The use of 'government' in GB
Our final cross-theory comparison involves the notion of 'government' which is so central to GB theory (to the
extent of being part of the theory's name). As mentioned earlier, an NP is assigned Case by the element that
governs it, a claim which is linked explicitly to the traditional idea that a verb or preposition 'governs' its
complement, and determines its case. In dependency analyses, of course, government is closely linked to
dependency, since the governor is always the head of the governed and the latter is always its complement or
subject - i.e. the two kinds of dependent whose properties are determined by the head.

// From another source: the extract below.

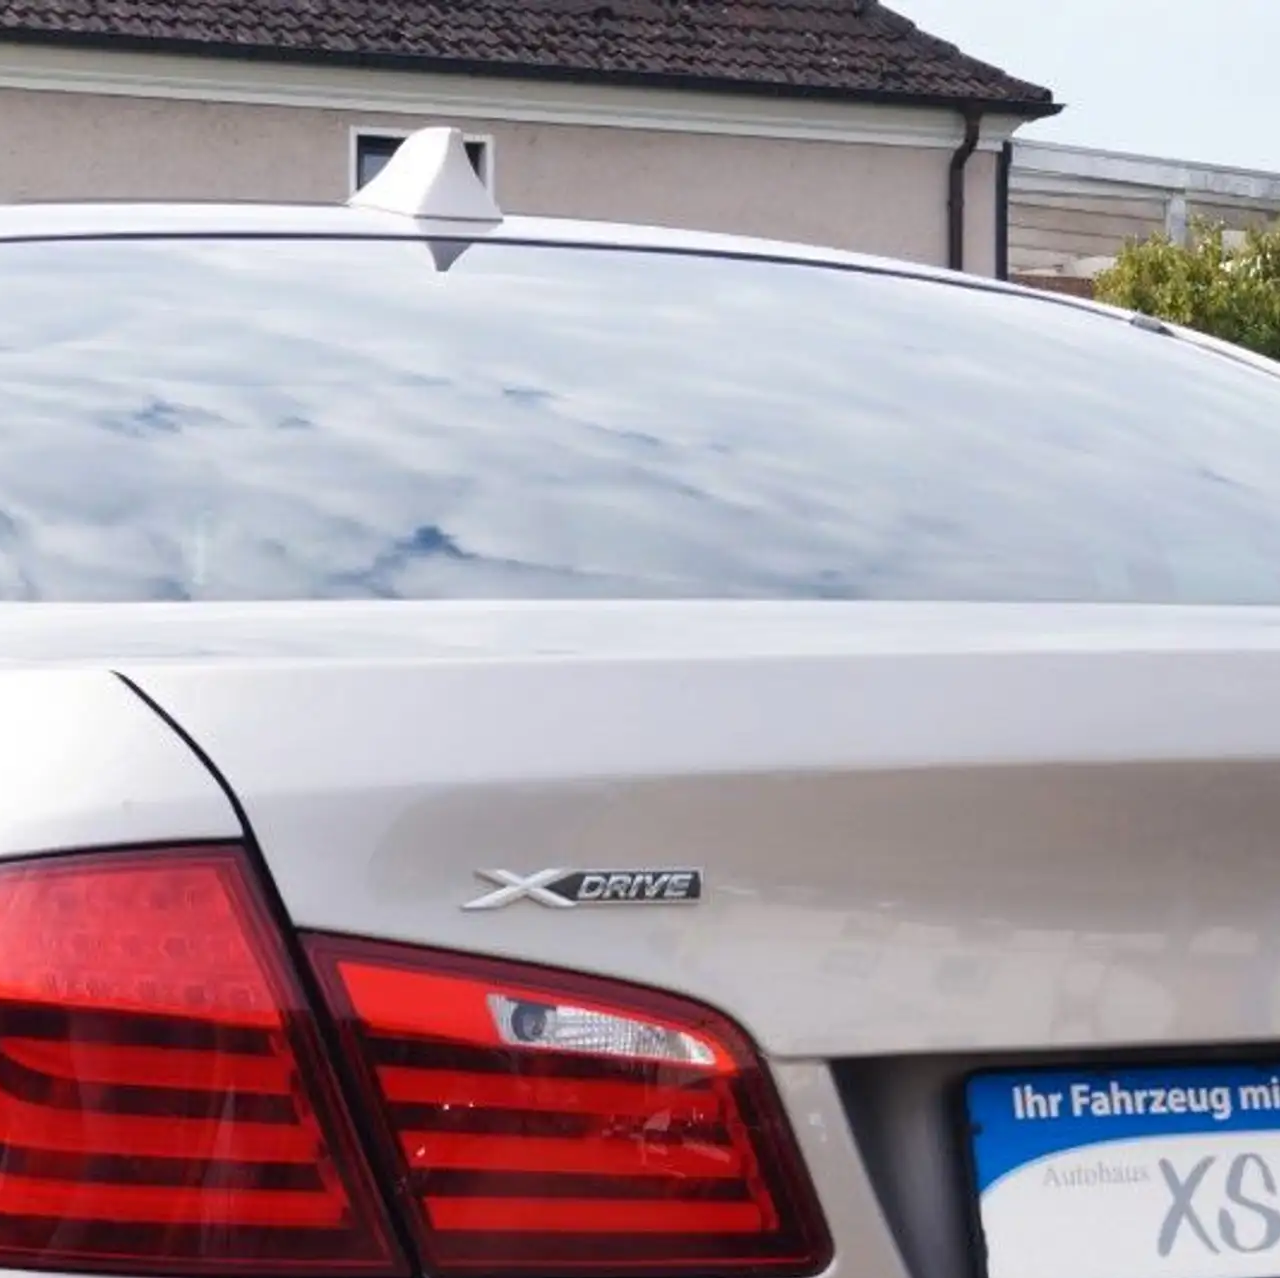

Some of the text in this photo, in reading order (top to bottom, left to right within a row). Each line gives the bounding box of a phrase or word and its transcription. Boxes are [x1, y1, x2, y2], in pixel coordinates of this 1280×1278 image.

It is interesting to see how hard it is to define the notion 'governor of W' when dependency relations as such
are not available. If W was always a complement or subject then the main problem would be that the notion
'head' is not available in phrase markers, as mentioned above. W would always be either a sister of its governor
or in whatever relation the subject stands to the finite element that assigns it nominative case. But the problem is
compounded by a number of analytical decisions which make the governor even harder to find, notably the
decision not to recognize the subject of the infinitive in examples like (1) as also being the object of the main
verb.
(1) I expect him to win.
In GB expect assigns case to him, so it must also govern him; but him is not a complement of expect, being
merely the subject of to (win). This requires a much more complex definition of 'governor', which allows a word
to govern not only its sisters, but also its nieces - the 'specifiers' of its sisters (Chomsky 1986a: 162). It is
particularly interesting to see that another extension is allowed (ibid.) which means that a word governs the
head of each of its sisters, because this move makes government into a relation between single words - the
governor and the head of each governed phrase.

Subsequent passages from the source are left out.